The old carbuncle lit the dome,

Where I was made a king;

The crown was wrought of pale sea-gold, So was my fairy ring.

And she who on my right hand sate

As the morning star was fair;

She was clothed in a robe of shadowy light, And veiled by her golden hair.

They made me king of the Fairy Isles,
That lie in the golden mist,

Where the coral rocks and the silvery sand
By singing waves are kissed.

Far off, in the ocean solitudes,
They lie, a glorious seven;

Like a beautiful group of sister stars,
In the untraced heights of heaven:

For the mariner sails them round about,
But he comes them not anigh;

They are hid far off, in a secret place
Of the sea's immensity.

Oh, beautiful isles! where comes no death, Where no winter enters in,

Where the fairy race, like the lily flowers,

Do neither toil nor spin!

Oh, beautiful isles! where the coral rocks Like the ancient temple stand,

Like a temple of wondrous workmanship For a lofty worship planned!

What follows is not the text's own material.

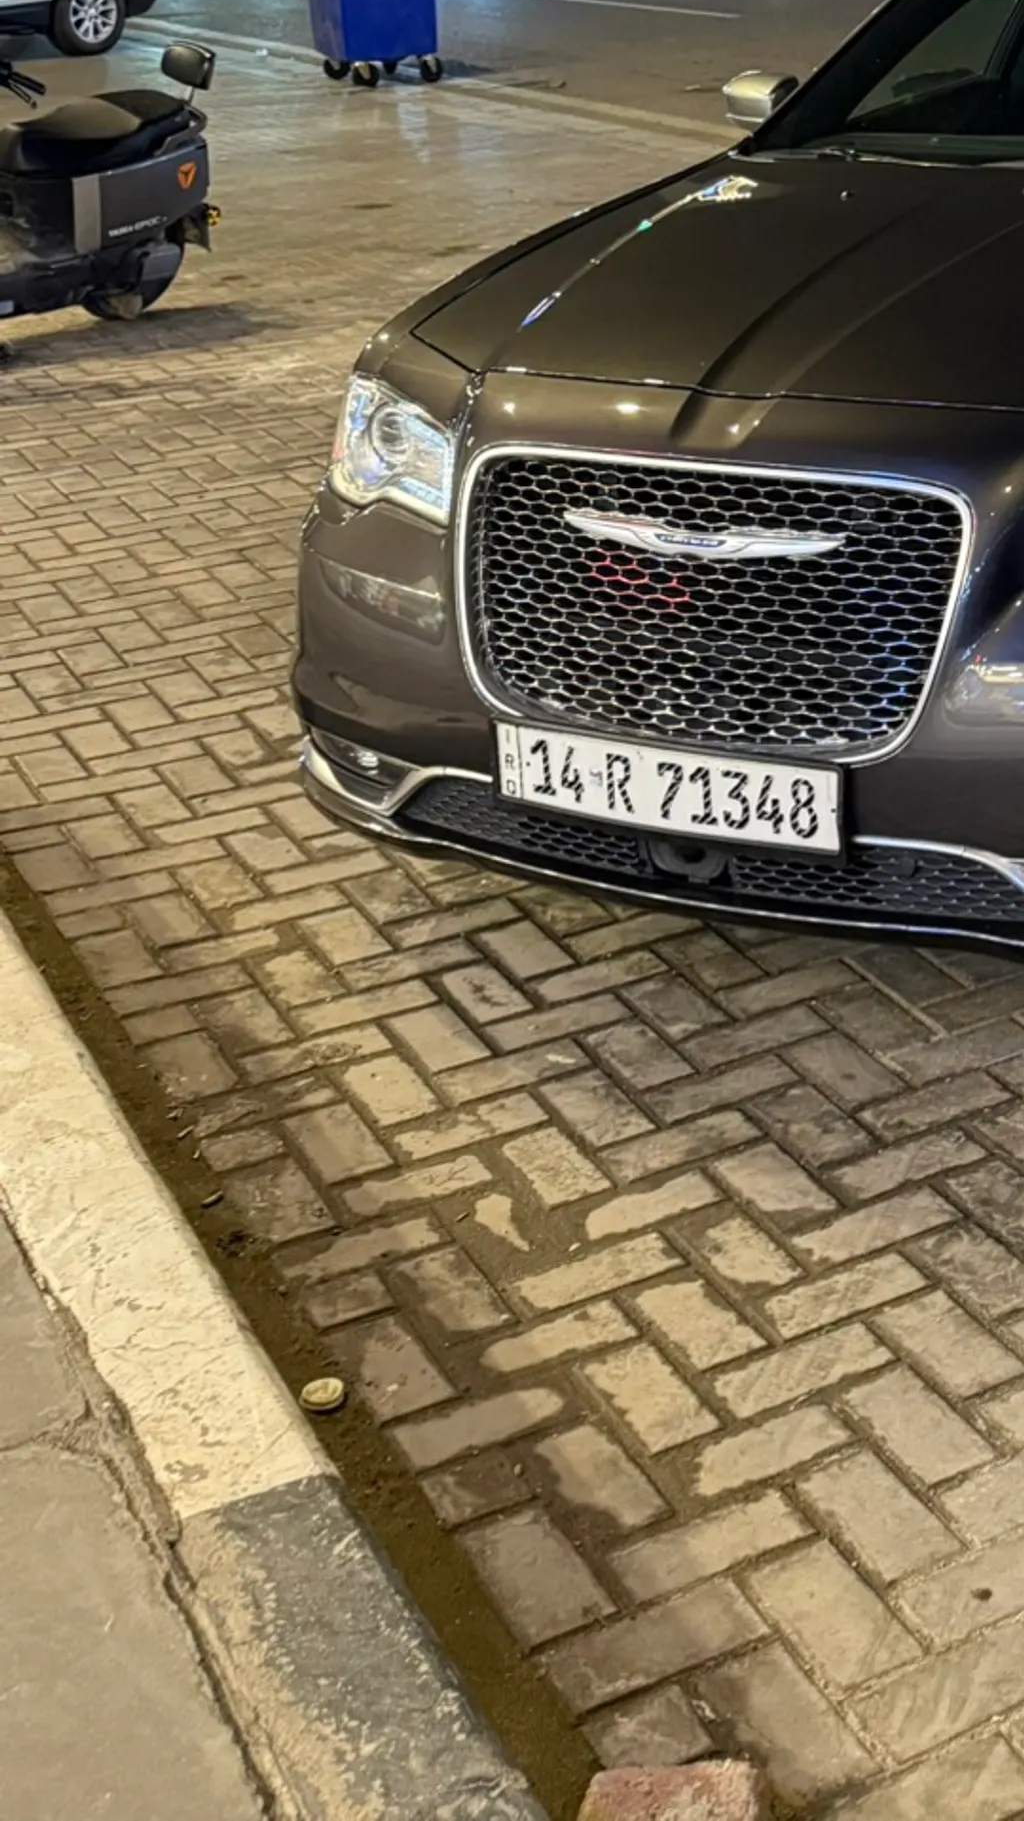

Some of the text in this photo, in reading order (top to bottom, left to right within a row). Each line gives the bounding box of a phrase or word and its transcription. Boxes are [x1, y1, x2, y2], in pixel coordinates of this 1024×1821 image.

[530, 738, 819, 839] 14 R 71348

The heights of heaven they roof it in,

O'er-spanned like an azure bow;

And its floor is the living waves of light,
That cover the depths below;

The unsunned depths of the ancient sea,
Where the fairy kings of old
Stored up, in emerald caverns vast,
Their treasure-hoards and gold.

Oh, beautiful isles! When the waning moon
Sinks down from the vales of earth,

She rises up on those fairy seas,

And gives their daylight birth.

There comes no cloud to dim her ray,
She shines forth pure and bright;
The silver moon she shines by day,
The golden mist by night.

Oh, beautiful isles! And a fairy race,
As the dream of a poet, fair,

Now hold the place by a charméd spell,

With power o'er sea and air.

Their boats are made of the large pearl-shell
That the waters cast to land;

With carved prows more richly wrought
Than works of mortal hand.

They skim along the silver waves
Without or sail or oar;

Whenever the fairy voyager would,

The pearl ship comes to shore.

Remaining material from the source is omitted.